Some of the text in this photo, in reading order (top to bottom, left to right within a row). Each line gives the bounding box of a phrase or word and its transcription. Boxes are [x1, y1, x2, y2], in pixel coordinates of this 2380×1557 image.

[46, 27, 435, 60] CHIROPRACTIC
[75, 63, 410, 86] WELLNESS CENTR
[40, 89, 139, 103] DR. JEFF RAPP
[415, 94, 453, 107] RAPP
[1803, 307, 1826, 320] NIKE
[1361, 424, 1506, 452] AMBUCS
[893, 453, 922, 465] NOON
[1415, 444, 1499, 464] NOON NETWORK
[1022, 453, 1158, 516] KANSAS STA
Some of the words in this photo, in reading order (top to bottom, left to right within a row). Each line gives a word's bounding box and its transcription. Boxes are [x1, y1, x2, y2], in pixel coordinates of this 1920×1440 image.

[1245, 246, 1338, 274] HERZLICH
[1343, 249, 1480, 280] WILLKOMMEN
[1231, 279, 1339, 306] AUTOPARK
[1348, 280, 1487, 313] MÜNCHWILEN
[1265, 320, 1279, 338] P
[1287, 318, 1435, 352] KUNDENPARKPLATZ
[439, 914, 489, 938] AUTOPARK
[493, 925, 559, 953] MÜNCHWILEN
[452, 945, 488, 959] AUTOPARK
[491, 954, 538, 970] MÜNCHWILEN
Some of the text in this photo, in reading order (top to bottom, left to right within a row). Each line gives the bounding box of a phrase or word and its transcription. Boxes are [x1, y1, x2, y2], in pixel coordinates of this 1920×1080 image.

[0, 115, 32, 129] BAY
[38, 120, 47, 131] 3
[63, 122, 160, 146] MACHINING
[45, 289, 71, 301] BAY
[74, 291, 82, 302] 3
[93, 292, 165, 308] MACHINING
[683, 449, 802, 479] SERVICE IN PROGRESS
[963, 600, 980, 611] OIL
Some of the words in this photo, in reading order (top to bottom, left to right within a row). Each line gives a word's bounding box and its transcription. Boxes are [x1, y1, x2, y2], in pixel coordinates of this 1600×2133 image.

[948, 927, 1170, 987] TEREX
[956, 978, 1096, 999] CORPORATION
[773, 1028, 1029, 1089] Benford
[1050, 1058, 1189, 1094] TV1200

**EXERCISE PROMPT**
Only the lines from the one with "this 1600×2133 image." through the end of the data belong in the answer, each reproduced exactly.

**RESPONSE FOR THIS EXERCISE**
Some of the words in this photo, in reading order (top to bottom, left to right within a row). Each line gives a word's bounding box and its transcription. Boxes are [x1, y1, x2, y2], in pixel coordinates of this 1600×2133 image.

[948, 927, 1170, 987] TEREX
[956, 978, 1096, 999] CORPORATION
[773, 1028, 1029, 1089] Benford
[1050, 1058, 1189, 1094] TV1200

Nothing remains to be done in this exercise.